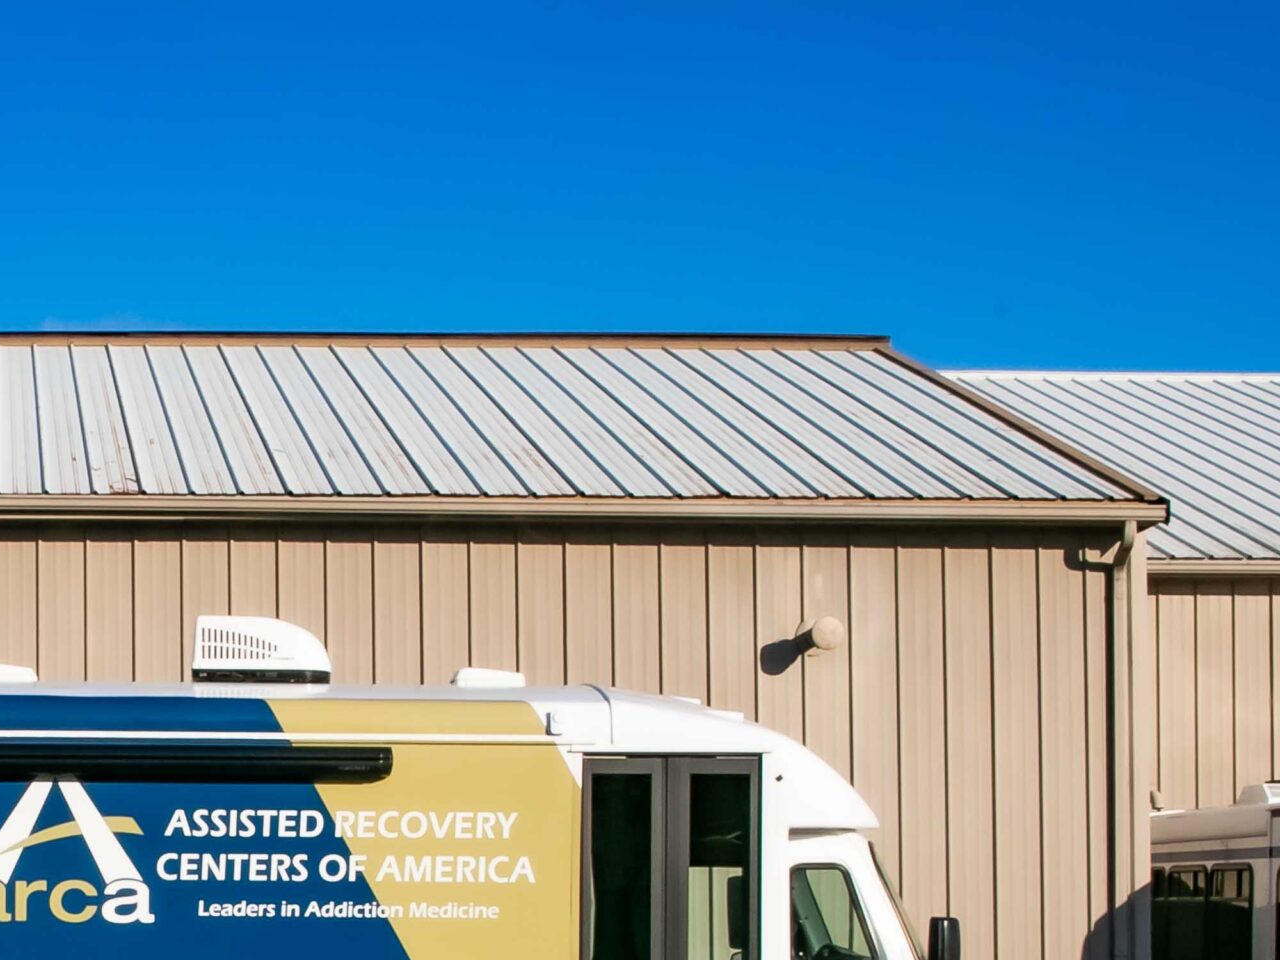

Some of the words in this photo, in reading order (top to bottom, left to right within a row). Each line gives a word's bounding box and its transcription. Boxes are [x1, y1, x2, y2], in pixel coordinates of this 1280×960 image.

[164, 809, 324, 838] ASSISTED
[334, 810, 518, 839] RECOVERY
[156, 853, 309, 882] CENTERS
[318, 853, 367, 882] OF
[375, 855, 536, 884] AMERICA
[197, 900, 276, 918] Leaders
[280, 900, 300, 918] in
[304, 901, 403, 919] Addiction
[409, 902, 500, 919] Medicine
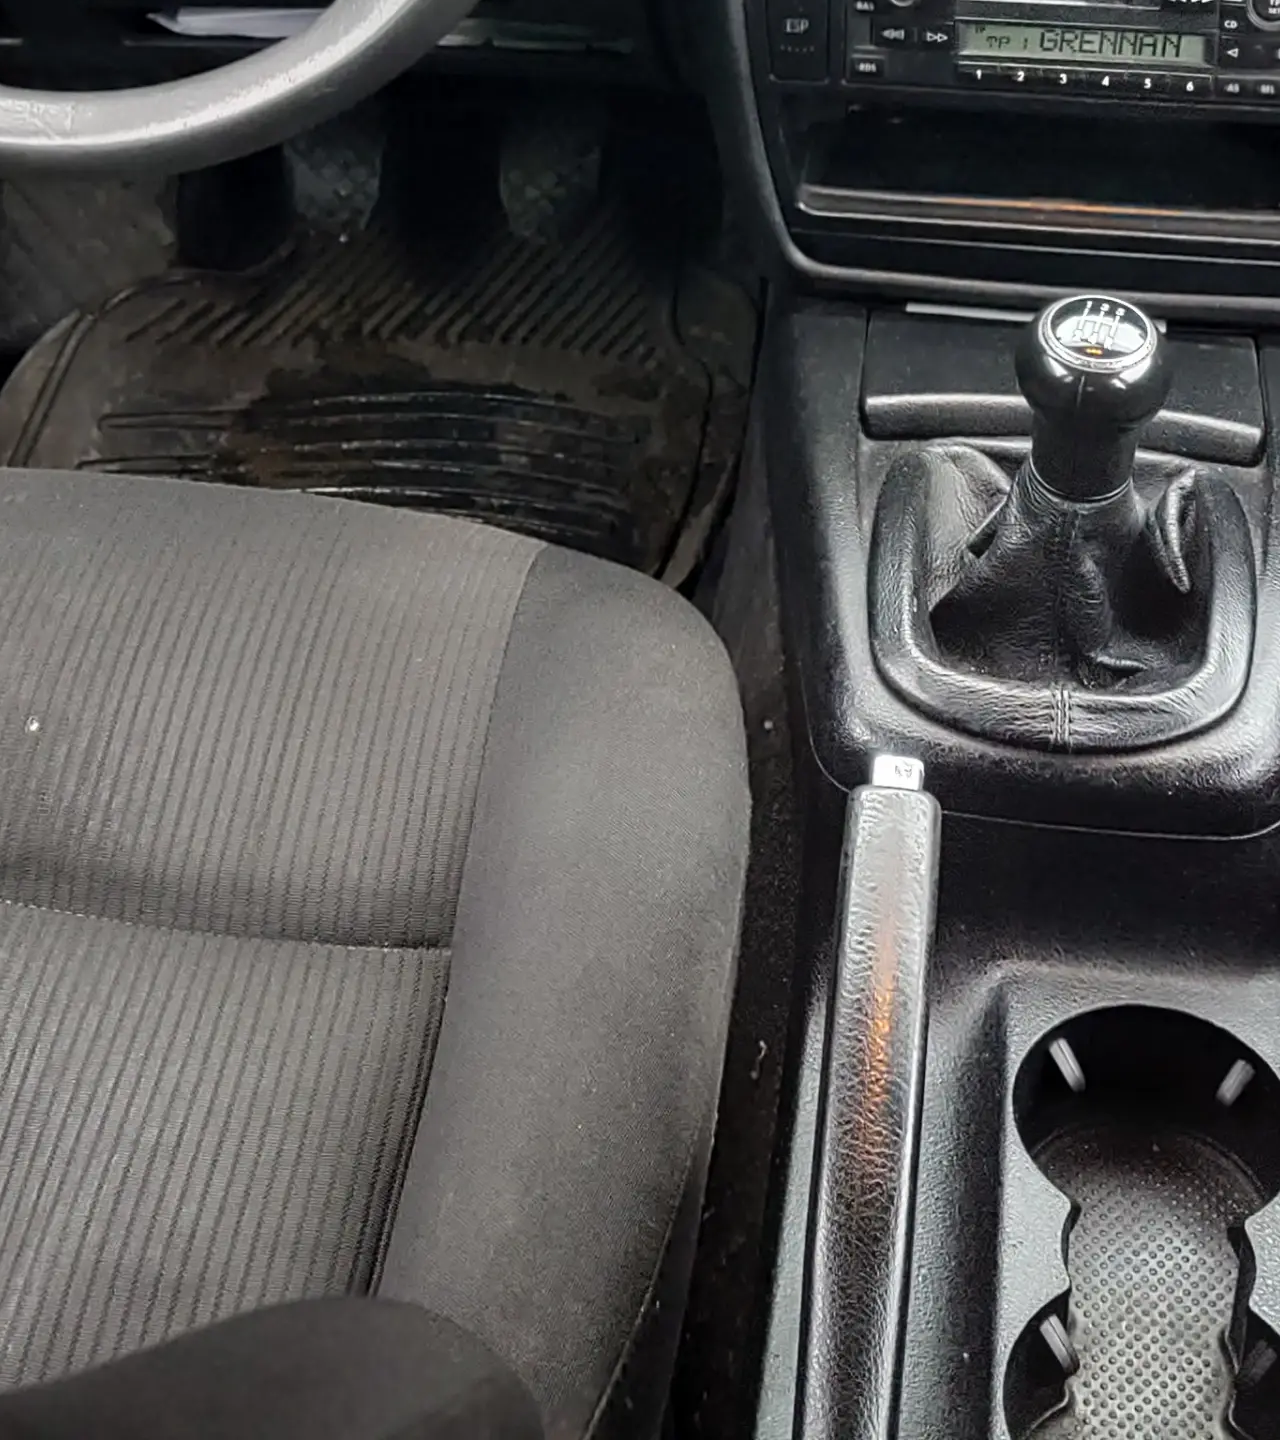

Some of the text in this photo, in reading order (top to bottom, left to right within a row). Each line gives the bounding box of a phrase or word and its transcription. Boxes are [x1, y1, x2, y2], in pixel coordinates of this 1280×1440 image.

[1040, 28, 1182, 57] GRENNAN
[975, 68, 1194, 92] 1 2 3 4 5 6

-- EXERCISE DETAILS --
All of the lines above must be printed again exactly, and no picture may appear in the copy.

-- FINISHED EXERCISE --
Some of the words in this photo, in reading order (top to bottom, left to right within a row). Each line gives a word's bounding box and its transcription. Boxes are [x1, y1, x2, y2], in pixel coordinates of this 1280×960 image.

[164, 809, 324, 838] ASSISTED
[334, 810, 518, 839] RECOVERY
[156, 853, 309, 882] CENTERS
[318, 853, 367, 882] OF
[375, 855, 536, 884] AMERICA
[197, 900, 276, 918] Leaders
[280, 900, 300, 918] in
[304, 901, 403, 919] Addiction
[409, 902, 500, 919] Medicine

Some of the text in this photo, in reading order (top to bottom, left to right within a row). Each line gives the bounding box of a phrase or word and its transcription. Boxes are [x1, y1, x2, y2], in pixel coordinates of this 1280×1440 image.

[1040, 28, 1182, 57] GRENNAN
[975, 68, 1194, 92] 1 2 3 4 5 6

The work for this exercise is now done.